At Tupperware parties
The ladies sold nothing but containers
Full of nothing

Hostesses in hose and skirts
Demo-ed the patented airtight seal
Taught housewives how to burp
Like expectant madonnas at a new mother class

The optimism of a starburst lid
Avocado Green
Burnt Orange
Harvest Gold
Cheap hydrocarbons in every kitchen

Genius commercial speech
Plastic dyed a hue named for the color of ripening wheat

Grasshopper oil pumpjacks
Fueled the Tupperware party revolution
Powered by women converted to capital
And party games

*

When I interviewed at the big Silicon Valley tech company the young woman in the break room
saw the red apples among the cornucopia of bananas, grapes, oranges, snacks and kombucha.
She said, “Damn it. There aren’t any green apples. I can’t think unless I have the green apples”


Amy Beth Sisson is struggling to emerge, toad-like, from the mud outside of Philly. Her poetry has appeared in Cleaver Magazine, The Night Heron Barks, and Ran Off With the Star Bassoon and is upcoming in The River Heron Review and The Shoutflower.
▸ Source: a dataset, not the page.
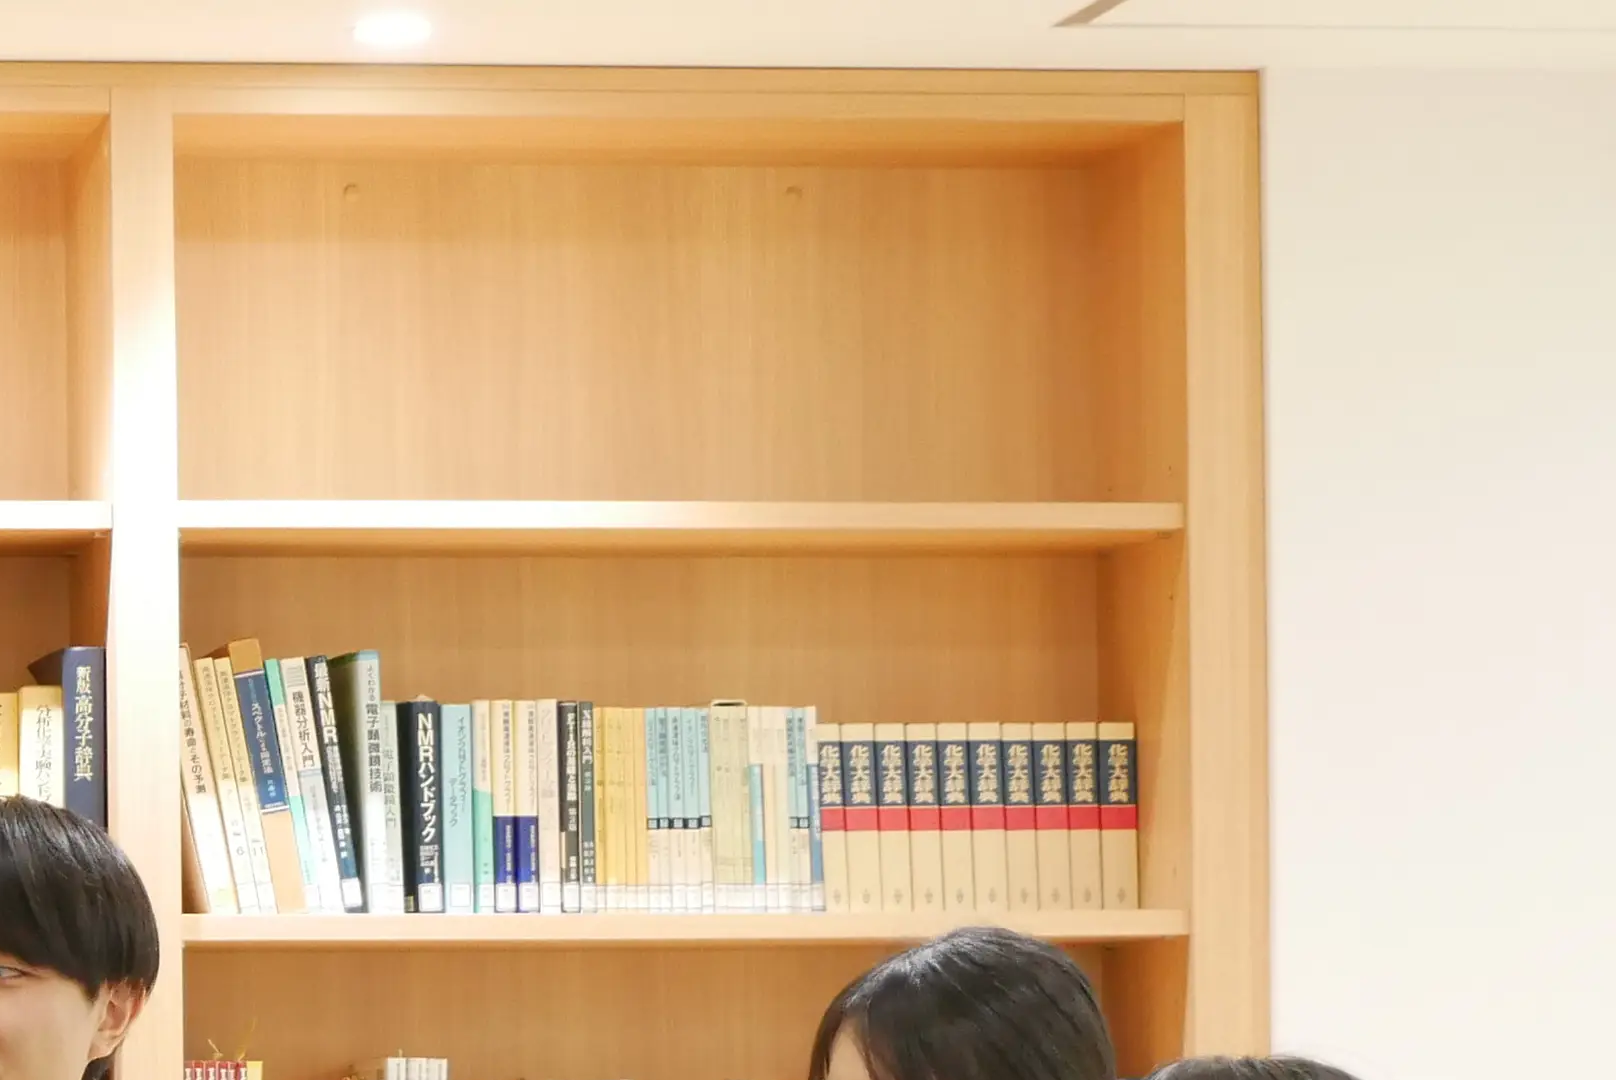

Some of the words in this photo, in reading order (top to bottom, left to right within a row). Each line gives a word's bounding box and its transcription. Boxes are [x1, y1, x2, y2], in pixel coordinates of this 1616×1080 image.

She is currently an MFA student studying poetry at Rutgers Camden and a Graduate Assistant for the Institute for the Study of Global Racial Justice.

Bless Amtrak

for their quiet cars, no raised voices, no phone calls
all devices muted or used with headphones
but how about a party car blasting Chili Peppers
passengers dancing with strangers
they sneak off with at the next stop

what of a weapons car where macho men
with shaved heads and skull tattoos
can flaunt their gun obsession disorder
while the rest of us are spared the sight
of a Glock 19 or an AK-47

or maybe a widows’ car, Kleenex at every seat
where you don’t have to explain
smeared eye shadow, mismatched socks
or the strange sounds escaping your mouth
a moan, a sigh, a sob, a shriek

and no one stares


Claire Scott is an award-winning poet who has received multiple Pushcart Prize nominations. Her work has appeared in the Atlanta Review, Bellevue Literary Review, New Ohio Review, Enizagam and Healing Muse among others. Claire is the author of Waiting to be Called and Until I Couldn’t. She is the co-author of Unfolding in Light: A Sisters’ Journey in Photography and Poetry.

Retired

I was stationed near Biloxi, Mississippi,
before the time of Martin Luther King.
One night I went to a restaurant
with some white guys from South Philly,
but the man told us go around back.
And if we got stopped by the police,
forget about comin’ home.
You asked me why I wear this uniform.
Because it’s the way I get respect
from those ladies sitting over there
who think I’m some kind of general.
They talk to me when I bring them gifts,
just like the young men do.
I spend my days at this coffee shop.
People think I’m important.
I give them advice or conversation
or money when I’m not broke.


Robert Coles has lived in and around Philadelphia most of his life. He writes, “Since 1990, I have published over one hundred poems in various literary journals, anthologies, and magazines. My most recent poems have appeared in the summer issue of Philadelphia Stories, 2021, and I placed as a semifinalist in the 26th Macguffin Poet Hunt Contest, 2021.”

My Father and His Sky

Lead foot in a Lincoln, nothing stops an object
so completely in motion.

My father has seen cornfields bigger than
the sheeted sea of my bed,

vast as ever, vaster without him.

He used to sit on the edge of my bed
and talk about the sky.

He’d throw constellations like pop-flies
through the windows,

stipple clouds with his swollen hands.

Children listen to sky stories as long
as they end in sunrises.

I didn’t beg the curtain of dawn from
his grinning mouth—

I wanted something newer than mornings.

My father isn’t new anymore but his car is,
black and big-rimmed.

He rattles a century of coins across
Pennsylvania,

shaking them loose every mile.

I watch him in the curve of the Earth now,
a flickering corona.

He is the reaching horizon or someone
reaching for the horizon,

loosed by the wind and a rest-stop coffee.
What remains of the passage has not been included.